Among primary myopathies, the Duchenne Muscular Dystrophy (DMD) is certainly the most relevant because of diffusion and severity. The defect resides in mutations in the X-linked dystrophin gene: in the absence of such protein the muscles gradually begin to deteriorate. Since this disease is a monogenic disorder, it was considered from the very beginning for a gene therapy approach, although technically very challenging due to the large size of the protein whose coding sequences are difficult to accomodate in most viral vectors. In the last years we have pioneered a strategy, different from gene replacement, consisting in the modification at the post-transcriptional level of the coding capacity of the dystrophin mRNA. Most of the mutations in the dystrophin gene produce non-functional mRNAs. By preventing the inclusion of specific mutant exons in the mature mRNA (exon skipping) it is possible to restore a partially corrected phenotype. In a previous work we showed that this strategy is very effective: specific exon skipping and rescue of dystrophin synthesis was obtained in myoblasts derived from a DMD patient when transduced with genes expressing specific antisense sequences (De Angelis et al., 2002). More recent work in the mdx dystrophic mouse has shown that AAV recombinant viruses are very effective in the in vivo delivery of therapeutic sequences to affected muscles, including the heart and diaphragm, and in restoring both dystrophin synthesis and muscular functionality (Denti et al., 2006 and b).

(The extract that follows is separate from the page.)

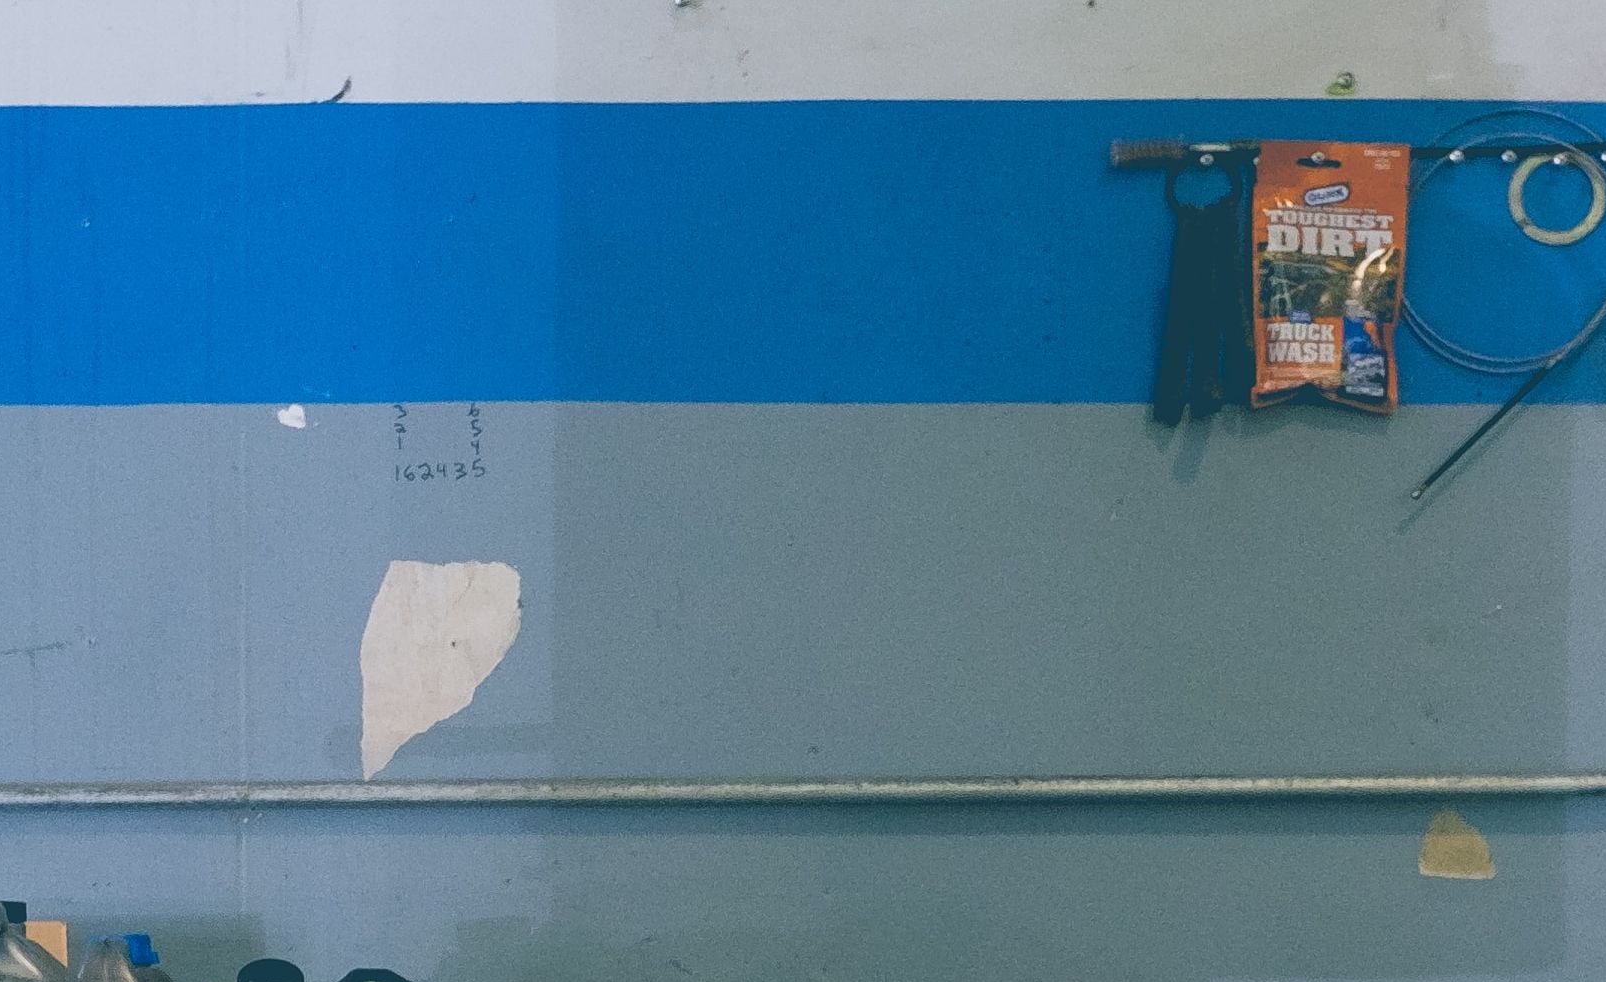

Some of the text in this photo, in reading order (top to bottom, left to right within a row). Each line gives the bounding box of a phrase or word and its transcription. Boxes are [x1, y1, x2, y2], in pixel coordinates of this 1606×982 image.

[1267, 210, 1393, 229] TOUGHEST
[1266, 224, 1393, 257] DIRT
[1266, 323, 1335, 342] TRUCK
[1266, 342, 1335, 363] WASH

Therefore, this approach seems to be very promising in view of a possible gene therapy of DMD. The aim of this project is on one side to produce antisense constructs able to induce exon skipping in a collection of DMD mutations available to us and to show their effectiveness in dystrophic myoblasts in vitro and on the other to study the features of AAV transduction, and in particular of the serotype 9 known to be very efficient in muscle colonization.